***** Records supplied *****

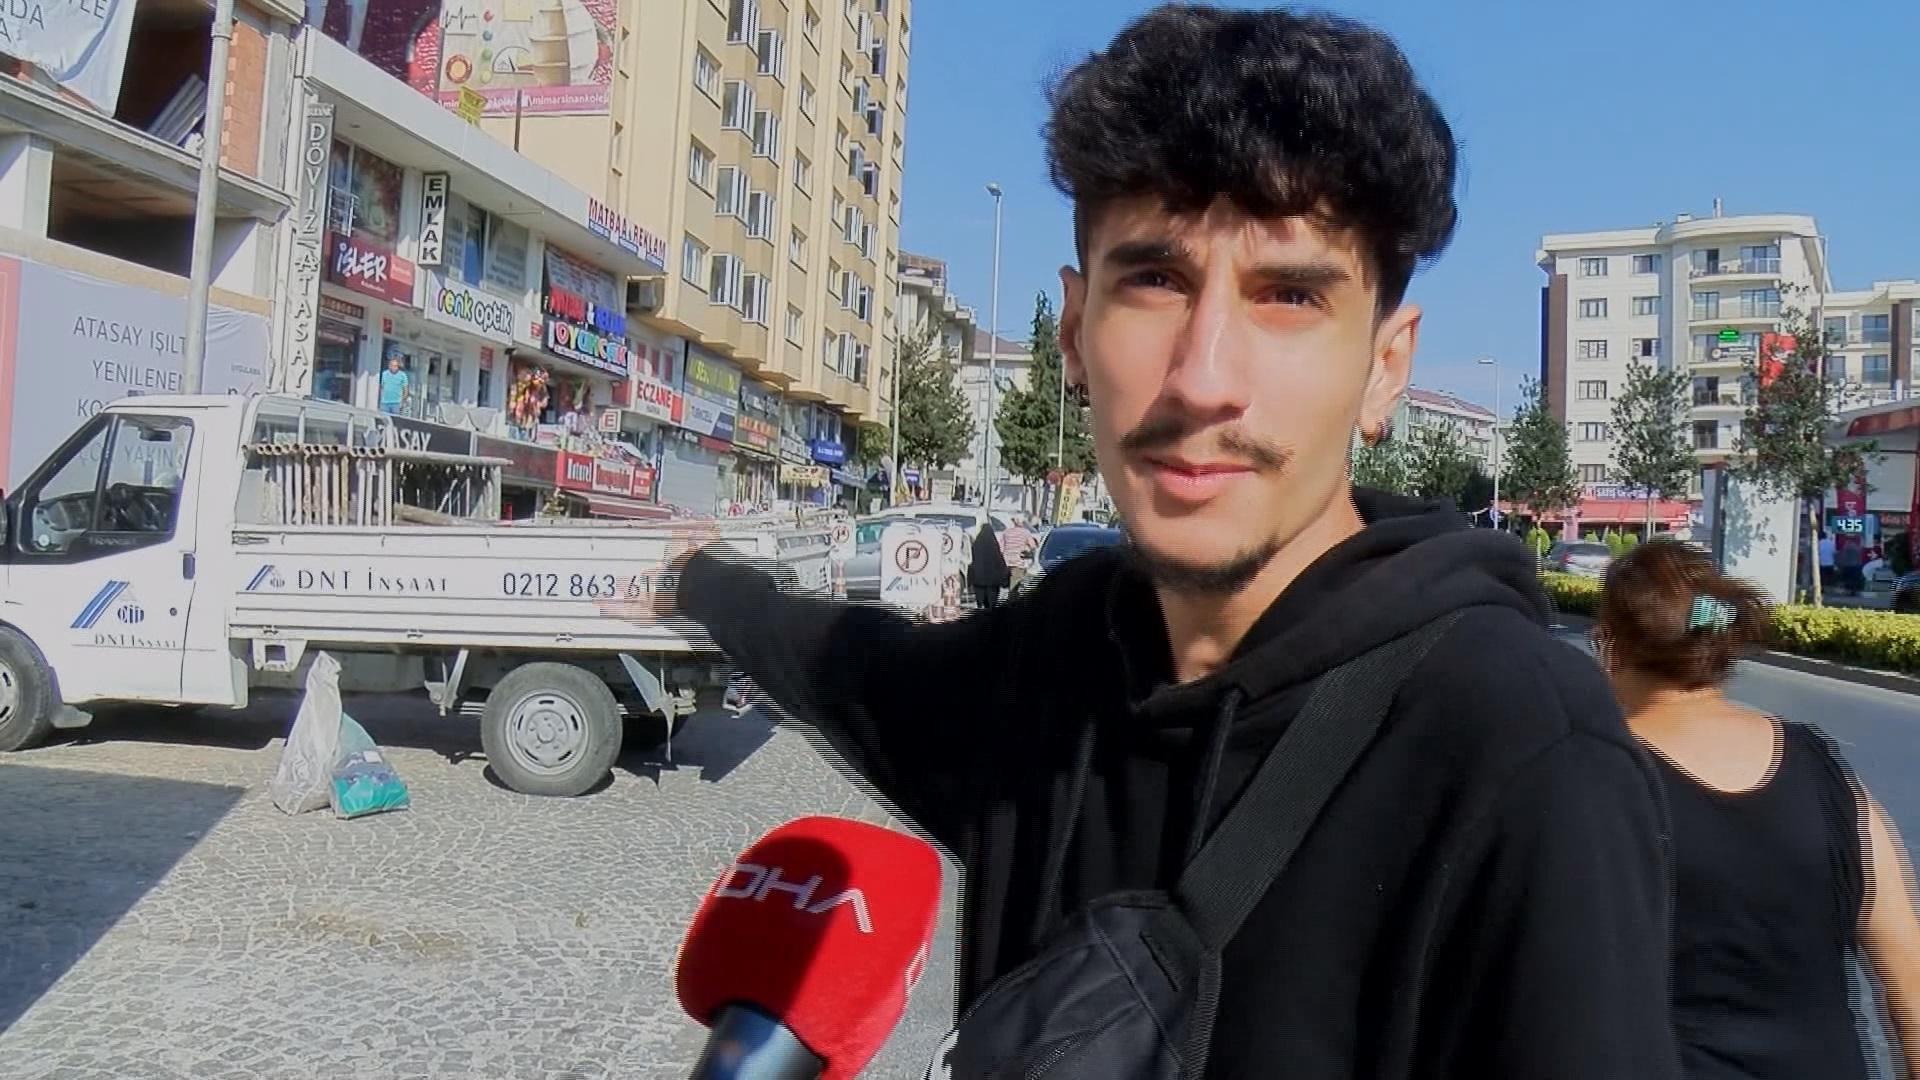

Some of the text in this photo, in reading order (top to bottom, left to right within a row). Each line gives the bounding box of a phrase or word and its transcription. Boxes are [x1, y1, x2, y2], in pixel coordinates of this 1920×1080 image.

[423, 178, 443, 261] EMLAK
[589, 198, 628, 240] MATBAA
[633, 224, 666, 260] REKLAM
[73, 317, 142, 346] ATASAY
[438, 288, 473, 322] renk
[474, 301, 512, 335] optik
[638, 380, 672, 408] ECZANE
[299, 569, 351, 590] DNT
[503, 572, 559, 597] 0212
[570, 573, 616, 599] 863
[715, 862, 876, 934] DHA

*****

- What you need to do:
Please print the records above word for word, leaving every image out.

- Your solution:
Some of the text in this photo, in reading order (top to bottom, left to right within a row). Each line gives the bounding box of a phrase or word and its transcription. Boxes are [x1, y1, x2, y2], in pixel coordinates of this 1920×1080 image.

[423, 178, 443, 261] EMLAK
[589, 198, 628, 240] MATBAA
[633, 224, 666, 260] REKLAM
[73, 317, 142, 346] ATASAY
[438, 288, 473, 322] renk
[474, 301, 512, 335] optik
[638, 380, 672, 408] ECZANE
[299, 569, 351, 590] DNT
[503, 572, 559, 597] 0212
[570, 573, 616, 599] 863
[715, 862, 876, 934] DHA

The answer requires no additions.